__Dataset entries__.
--*--
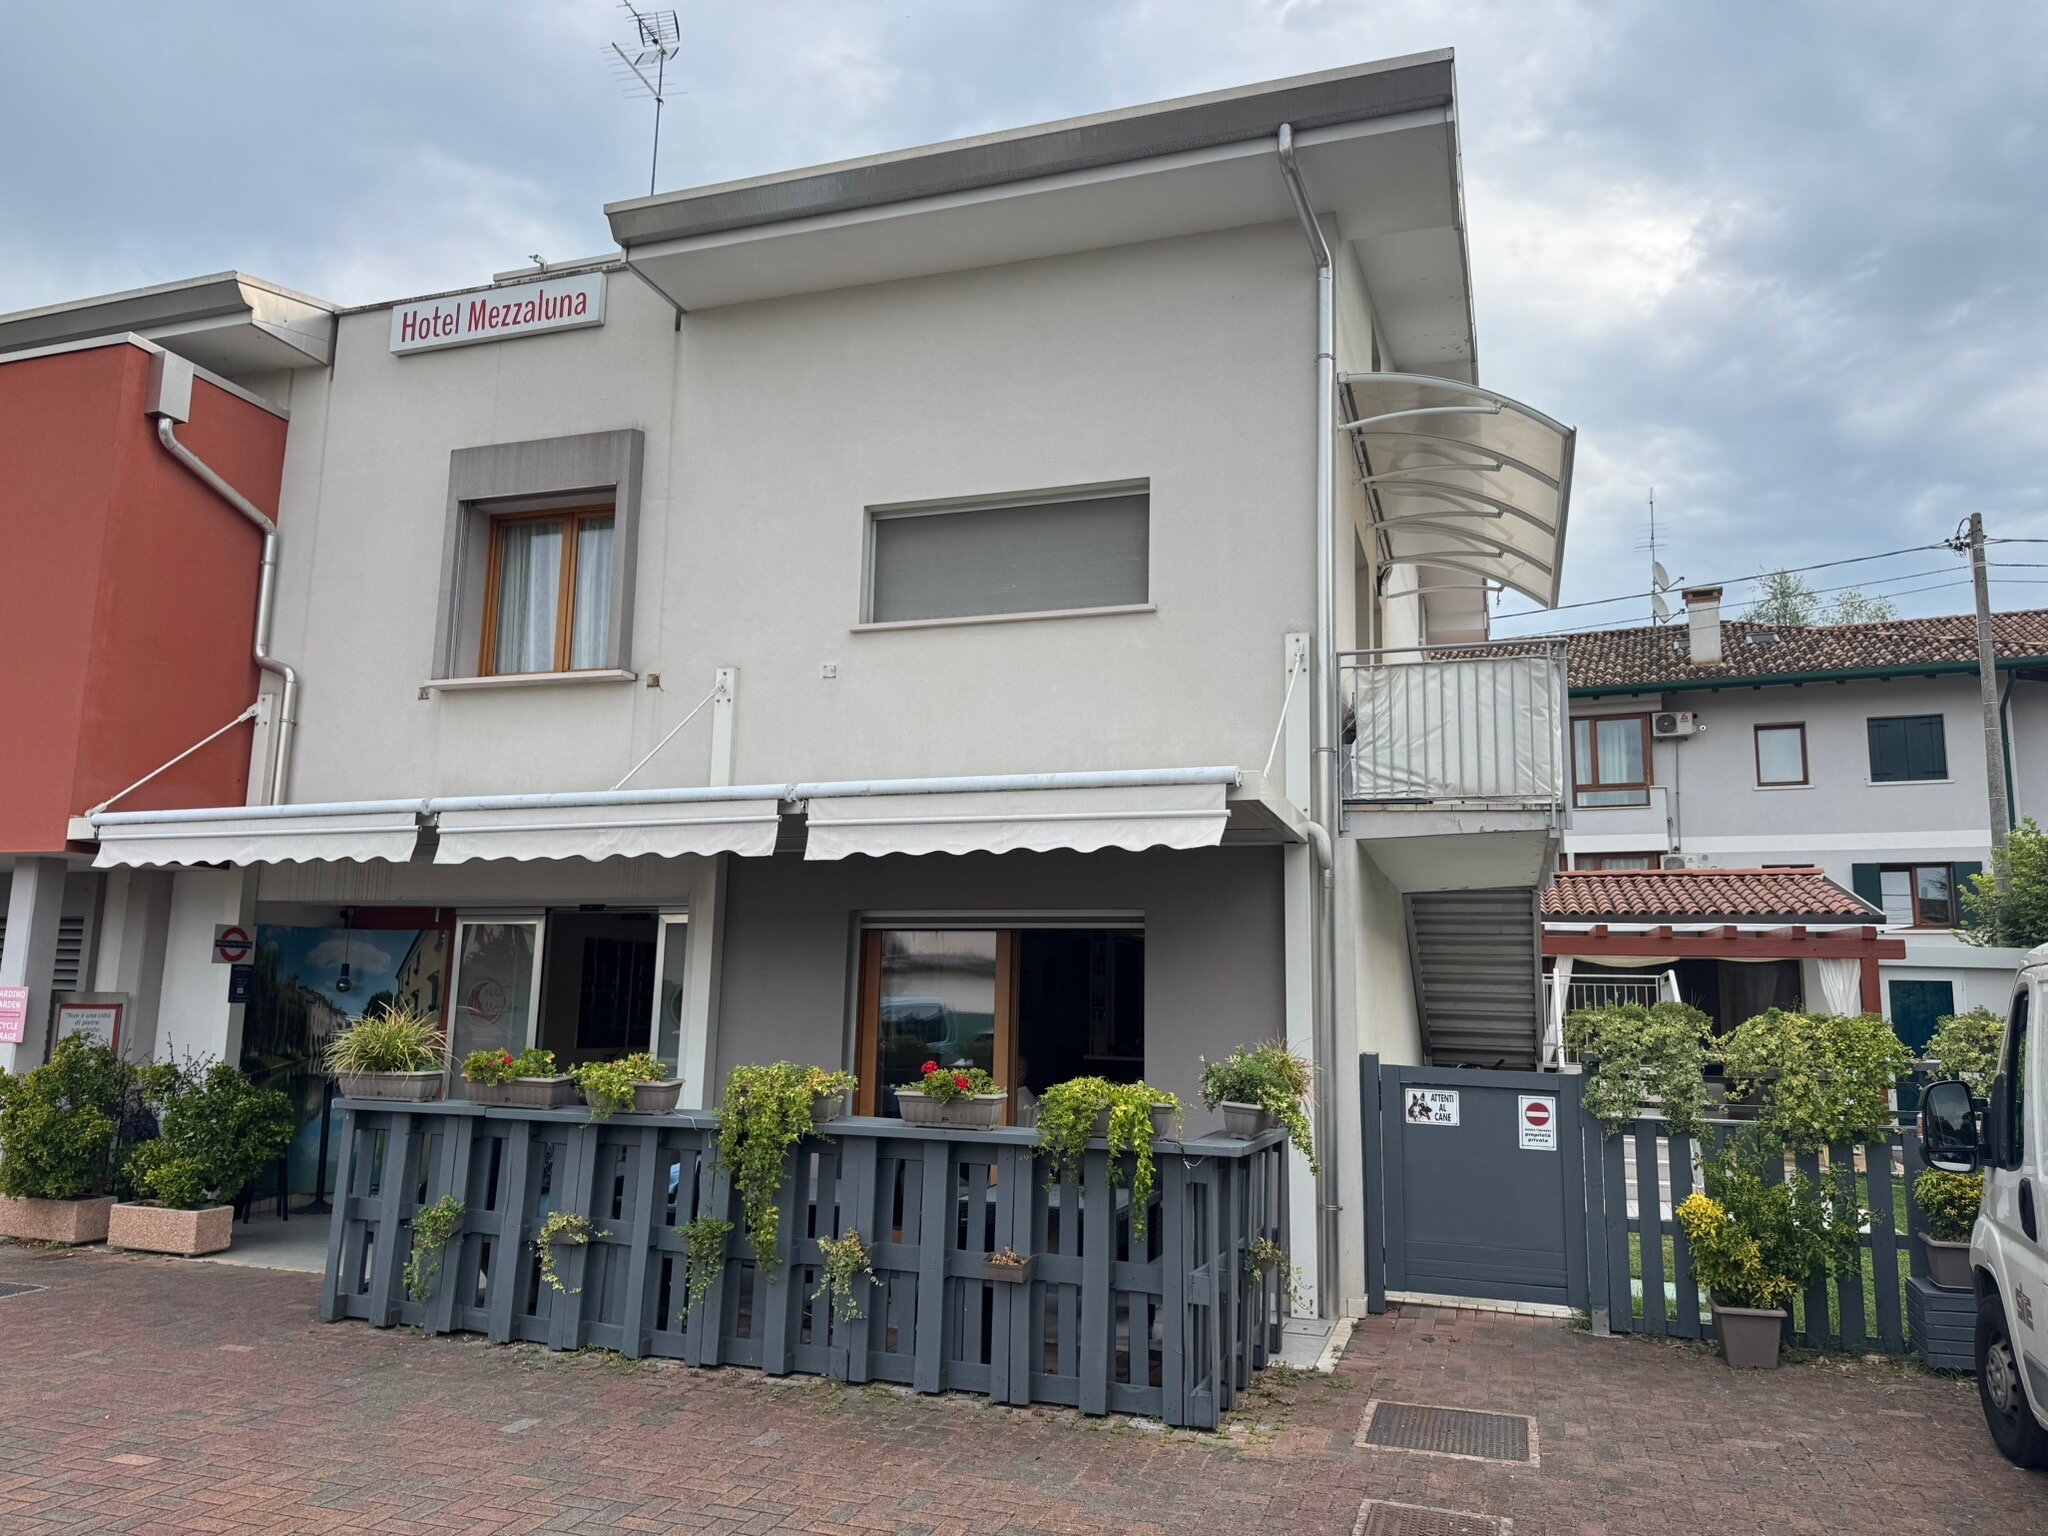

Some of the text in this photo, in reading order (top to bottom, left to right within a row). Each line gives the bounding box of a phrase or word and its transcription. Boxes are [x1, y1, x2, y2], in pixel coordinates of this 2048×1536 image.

[401, 289, 587, 343] Hotel Mezzaluna
[1431, 1093, 1454, 1103] ATTENTI
[1438, 1103, 1447, 1112] AL
[1434, 1112, 1451, 1121] CANE
--*--
Output each record above exactly as written. Skip any pictures.

__Final answer__.
Some of the text in this photo, in reading order (top to bottom, left to right within a row). Each line gives the bounding box of a phrase or word and its transcription. Boxes are [x1, y1, x2, y2], in pixel coordinates of this 2048×1536 image.

[401, 289, 587, 343] Hotel Mezzaluna
[1431, 1093, 1454, 1103] ATTENTI
[1438, 1103, 1447, 1112] AL
[1434, 1112, 1451, 1121] CANE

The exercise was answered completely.